Problem to work on ▸
The records that follow must be reproduced in full, exactly as written.

================================

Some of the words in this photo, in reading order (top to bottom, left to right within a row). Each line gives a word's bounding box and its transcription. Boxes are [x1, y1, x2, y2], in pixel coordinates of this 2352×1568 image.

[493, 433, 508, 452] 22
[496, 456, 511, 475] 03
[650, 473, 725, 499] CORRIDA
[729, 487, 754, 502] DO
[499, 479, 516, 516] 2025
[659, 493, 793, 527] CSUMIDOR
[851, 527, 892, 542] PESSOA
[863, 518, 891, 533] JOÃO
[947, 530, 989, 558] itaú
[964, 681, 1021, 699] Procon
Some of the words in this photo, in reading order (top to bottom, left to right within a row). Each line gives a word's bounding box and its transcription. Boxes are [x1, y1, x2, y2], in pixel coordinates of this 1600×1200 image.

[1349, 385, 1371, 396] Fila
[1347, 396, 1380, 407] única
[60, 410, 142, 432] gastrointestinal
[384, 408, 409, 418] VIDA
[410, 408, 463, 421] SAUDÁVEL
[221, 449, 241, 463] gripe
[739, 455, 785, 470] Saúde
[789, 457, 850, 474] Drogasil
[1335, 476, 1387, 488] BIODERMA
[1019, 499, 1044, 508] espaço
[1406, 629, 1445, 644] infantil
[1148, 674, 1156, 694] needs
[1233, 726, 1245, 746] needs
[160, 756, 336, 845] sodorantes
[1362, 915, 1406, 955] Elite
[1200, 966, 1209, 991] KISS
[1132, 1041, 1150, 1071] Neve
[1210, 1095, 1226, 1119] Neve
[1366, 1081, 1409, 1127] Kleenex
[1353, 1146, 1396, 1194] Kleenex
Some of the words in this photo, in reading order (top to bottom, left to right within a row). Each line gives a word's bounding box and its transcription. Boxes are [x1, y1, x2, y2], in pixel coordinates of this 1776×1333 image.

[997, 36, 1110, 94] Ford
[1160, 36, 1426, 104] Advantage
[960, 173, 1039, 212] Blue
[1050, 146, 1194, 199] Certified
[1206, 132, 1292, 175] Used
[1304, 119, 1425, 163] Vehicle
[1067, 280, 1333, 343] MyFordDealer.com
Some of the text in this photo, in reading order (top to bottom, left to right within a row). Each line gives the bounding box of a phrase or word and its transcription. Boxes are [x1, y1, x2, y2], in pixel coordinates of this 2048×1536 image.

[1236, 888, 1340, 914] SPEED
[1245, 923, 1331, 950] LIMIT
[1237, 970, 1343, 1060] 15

================================

Your solution ▸
Some of the words in this photo, in reading order (top to bottom, left to right within a row). Each line gives a word's bounding box and its transcription. Boxes are [x1, y1, x2, y2], in pixel coordinates of this 2352×1568 image.

[493, 433, 508, 452] 22
[496, 456, 511, 475] 03
[650, 473, 725, 499] CORRIDA
[729, 487, 754, 502] DO
[499, 479, 516, 516] 2025
[659, 493, 793, 527] CSUMIDOR
[851, 527, 892, 542] PESSOA
[863, 518, 891, 533] JOÃO
[947, 530, 989, 558] itaú
[964, 681, 1021, 699] Procon
Some of the words in this photo, in reading order (top to bottom, left to right within a row). Each line gives a word's bounding box and its transcription. Boxes are [x1, y1, x2, y2], in pixel coordinates of this 1600×1200 image.

[1349, 385, 1371, 396] Fila
[1347, 396, 1380, 407] única
[60, 410, 142, 432] gastrointestinal
[384, 408, 409, 418] VIDA
[410, 408, 463, 421] SAUDÁVEL
[221, 449, 241, 463] gripe
[739, 455, 785, 470] Saúde
[789, 457, 850, 474] Drogasil
[1335, 476, 1387, 488] BIODERMA
[1019, 499, 1044, 508] espaço
[1406, 629, 1445, 644] infantil
[1148, 674, 1156, 694] needs
[1233, 726, 1245, 746] needs
[160, 756, 336, 845] sodorantes
[1362, 915, 1406, 955] Elite
[1200, 966, 1209, 991] KISS
[1132, 1041, 1150, 1071] Neve
[1210, 1095, 1226, 1119] Neve
[1366, 1081, 1409, 1127] Kleenex
[1353, 1146, 1396, 1194] Kleenex
Some of the words in this photo, in reading order (top to bottom, left to right within a row). Each line gives a word's bounding box and its transcription. Boxes are [x1, y1, x2, y2], in pixel coordinates of this 1776×1333 image.

[997, 36, 1110, 94] Ford
[1160, 36, 1426, 104] Advantage
[960, 173, 1039, 212] Blue
[1050, 146, 1194, 199] Certified
[1206, 132, 1292, 175] Used
[1304, 119, 1425, 163] Vehicle
[1067, 280, 1333, 343] MyFordDealer.com
Some of the text in this photo, in reading order (top to bottom, left to right within a row). Each line gives the bounding box of a phrase or word and its transcription. Boxes are [x1, y1, x2, y2], in pixel coordinates of this 2048×1536 image.

[1236, 888, 1340, 914] SPEED
[1245, 923, 1331, 950] LIMIT
[1237, 970, 1343, 1060] 15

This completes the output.